Stored data entries
»»
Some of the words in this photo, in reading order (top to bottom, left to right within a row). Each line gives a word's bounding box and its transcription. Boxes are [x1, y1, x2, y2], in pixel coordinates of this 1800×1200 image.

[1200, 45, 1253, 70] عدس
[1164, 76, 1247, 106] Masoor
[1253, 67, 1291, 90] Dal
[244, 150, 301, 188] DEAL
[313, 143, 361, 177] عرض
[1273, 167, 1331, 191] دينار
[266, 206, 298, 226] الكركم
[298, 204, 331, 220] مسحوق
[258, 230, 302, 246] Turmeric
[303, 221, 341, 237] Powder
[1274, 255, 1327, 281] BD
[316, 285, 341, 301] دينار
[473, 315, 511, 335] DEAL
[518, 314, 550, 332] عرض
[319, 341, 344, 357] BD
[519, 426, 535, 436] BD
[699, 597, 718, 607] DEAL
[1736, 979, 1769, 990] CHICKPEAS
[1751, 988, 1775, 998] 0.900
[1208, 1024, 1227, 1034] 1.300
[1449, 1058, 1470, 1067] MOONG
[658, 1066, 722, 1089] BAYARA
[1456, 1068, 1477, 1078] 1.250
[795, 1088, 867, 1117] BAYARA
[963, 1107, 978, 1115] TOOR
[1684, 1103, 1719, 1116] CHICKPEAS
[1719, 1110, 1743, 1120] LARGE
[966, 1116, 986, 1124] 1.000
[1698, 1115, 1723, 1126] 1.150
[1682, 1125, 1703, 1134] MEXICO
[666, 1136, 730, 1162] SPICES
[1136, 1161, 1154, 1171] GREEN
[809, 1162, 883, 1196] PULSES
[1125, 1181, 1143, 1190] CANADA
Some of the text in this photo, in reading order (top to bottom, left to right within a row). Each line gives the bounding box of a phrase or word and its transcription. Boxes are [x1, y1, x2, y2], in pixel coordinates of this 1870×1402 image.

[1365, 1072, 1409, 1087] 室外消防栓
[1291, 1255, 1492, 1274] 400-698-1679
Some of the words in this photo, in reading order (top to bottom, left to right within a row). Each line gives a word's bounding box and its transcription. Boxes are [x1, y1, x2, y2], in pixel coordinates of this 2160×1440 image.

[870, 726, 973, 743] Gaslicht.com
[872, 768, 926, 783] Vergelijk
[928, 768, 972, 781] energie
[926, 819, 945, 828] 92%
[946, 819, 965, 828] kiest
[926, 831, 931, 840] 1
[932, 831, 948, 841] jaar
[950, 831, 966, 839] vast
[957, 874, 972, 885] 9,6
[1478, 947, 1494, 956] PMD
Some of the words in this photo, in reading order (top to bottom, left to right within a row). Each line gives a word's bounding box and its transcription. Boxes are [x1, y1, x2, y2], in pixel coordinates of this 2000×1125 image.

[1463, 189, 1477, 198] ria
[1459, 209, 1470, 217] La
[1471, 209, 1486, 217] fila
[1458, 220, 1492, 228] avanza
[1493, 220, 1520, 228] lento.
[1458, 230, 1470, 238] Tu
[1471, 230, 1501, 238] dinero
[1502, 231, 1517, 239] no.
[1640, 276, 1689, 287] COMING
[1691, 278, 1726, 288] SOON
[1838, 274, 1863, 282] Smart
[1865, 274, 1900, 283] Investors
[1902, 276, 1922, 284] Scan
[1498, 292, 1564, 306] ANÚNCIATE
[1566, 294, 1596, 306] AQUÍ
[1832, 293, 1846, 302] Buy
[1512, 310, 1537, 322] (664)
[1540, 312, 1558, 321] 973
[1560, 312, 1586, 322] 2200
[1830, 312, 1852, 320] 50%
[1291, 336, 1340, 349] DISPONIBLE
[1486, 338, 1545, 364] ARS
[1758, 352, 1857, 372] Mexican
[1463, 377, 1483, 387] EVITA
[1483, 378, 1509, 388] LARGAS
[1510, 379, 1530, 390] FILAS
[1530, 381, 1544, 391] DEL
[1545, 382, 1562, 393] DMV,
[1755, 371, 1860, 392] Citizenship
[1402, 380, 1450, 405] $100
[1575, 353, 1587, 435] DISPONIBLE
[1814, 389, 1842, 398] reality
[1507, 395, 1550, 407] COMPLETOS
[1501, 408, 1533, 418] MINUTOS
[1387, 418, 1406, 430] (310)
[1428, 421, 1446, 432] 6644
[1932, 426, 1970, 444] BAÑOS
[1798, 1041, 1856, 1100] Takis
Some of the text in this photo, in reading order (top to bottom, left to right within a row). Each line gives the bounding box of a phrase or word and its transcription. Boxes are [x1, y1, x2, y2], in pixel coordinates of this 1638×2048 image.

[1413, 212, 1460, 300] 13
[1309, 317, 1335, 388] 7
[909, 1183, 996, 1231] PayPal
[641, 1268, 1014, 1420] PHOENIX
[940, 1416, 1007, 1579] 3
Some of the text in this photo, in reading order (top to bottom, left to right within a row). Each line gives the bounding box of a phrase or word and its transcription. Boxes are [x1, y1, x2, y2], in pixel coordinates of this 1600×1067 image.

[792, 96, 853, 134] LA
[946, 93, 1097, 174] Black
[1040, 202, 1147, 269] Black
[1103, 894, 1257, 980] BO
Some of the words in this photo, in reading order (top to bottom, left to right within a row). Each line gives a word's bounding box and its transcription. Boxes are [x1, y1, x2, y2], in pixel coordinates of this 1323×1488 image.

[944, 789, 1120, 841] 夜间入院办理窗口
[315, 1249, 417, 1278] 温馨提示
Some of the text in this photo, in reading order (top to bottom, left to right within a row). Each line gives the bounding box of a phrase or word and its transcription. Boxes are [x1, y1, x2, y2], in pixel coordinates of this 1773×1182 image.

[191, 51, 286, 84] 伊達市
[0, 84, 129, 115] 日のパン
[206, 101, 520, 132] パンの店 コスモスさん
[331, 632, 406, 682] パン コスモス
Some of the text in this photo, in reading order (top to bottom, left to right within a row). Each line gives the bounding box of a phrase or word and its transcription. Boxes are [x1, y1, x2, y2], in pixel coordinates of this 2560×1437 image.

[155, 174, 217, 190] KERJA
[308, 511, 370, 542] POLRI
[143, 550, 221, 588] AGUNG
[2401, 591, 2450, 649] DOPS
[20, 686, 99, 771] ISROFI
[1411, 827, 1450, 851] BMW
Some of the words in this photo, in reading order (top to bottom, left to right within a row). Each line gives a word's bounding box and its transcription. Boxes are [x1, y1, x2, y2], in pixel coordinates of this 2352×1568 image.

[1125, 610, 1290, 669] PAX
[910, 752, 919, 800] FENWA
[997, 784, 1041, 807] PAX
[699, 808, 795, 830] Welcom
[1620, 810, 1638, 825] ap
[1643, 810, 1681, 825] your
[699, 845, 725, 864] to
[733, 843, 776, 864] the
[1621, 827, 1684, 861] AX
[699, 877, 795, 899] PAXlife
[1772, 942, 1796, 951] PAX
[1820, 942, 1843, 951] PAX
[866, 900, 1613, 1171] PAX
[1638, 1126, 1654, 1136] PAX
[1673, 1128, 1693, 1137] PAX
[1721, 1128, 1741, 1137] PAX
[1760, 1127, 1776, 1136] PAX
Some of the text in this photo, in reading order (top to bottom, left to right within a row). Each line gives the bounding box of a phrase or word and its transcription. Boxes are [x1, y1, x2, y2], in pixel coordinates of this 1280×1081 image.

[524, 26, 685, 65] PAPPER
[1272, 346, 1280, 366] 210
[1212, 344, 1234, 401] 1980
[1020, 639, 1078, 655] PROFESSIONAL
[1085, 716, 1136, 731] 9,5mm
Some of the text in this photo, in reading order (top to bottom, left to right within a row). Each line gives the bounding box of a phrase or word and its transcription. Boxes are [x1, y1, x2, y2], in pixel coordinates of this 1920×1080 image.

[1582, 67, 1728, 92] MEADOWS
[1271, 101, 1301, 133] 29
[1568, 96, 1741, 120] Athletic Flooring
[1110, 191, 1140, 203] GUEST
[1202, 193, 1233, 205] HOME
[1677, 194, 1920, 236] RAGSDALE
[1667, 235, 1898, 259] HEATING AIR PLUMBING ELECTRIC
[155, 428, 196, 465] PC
««
Give back, unchanged, the line that holds "this 1280×1081 image." along with all lines after it through the last line above.

### Output for this exercise:
Some of the text in this photo, in reading order (top to bottom, left to right within a row). Each line gives the bounding box of a phrase or word and its transcription. Boxes are [x1, y1, x2, y2], in pixel coordinates of this 1280×1081 image.

[524, 26, 685, 65] PAPPER
[1272, 346, 1280, 366] 210
[1212, 344, 1234, 401] 1980
[1020, 639, 1078, 655] PROFESSIONAL
[1085, 716, 1136, 731] 9,5mm
Some of the text in this photo, in reading order (top to bottom, left to right within a row). Each line gives the bounding box of a phrase or word and its transcription. Boxes are [x1, y1, x2, y2], in pixel coordinates of this 1920×1080 image.

[1582, 67, 1728, 92] MEADOWS
[1271, 101, 1301, 133] 29
[1568, 96, 1741, 120] Athletic Flooring
[1110, 191, 1140, 203] GUEST
[1202, 193, 1233, 205] HOME
[1677, 194, 1920, 236] RAGSDALE
[1667, 235, 1898, 259] HEATING AIR PLUMBING ELECTRIC
[155, 428, 196, 465] PC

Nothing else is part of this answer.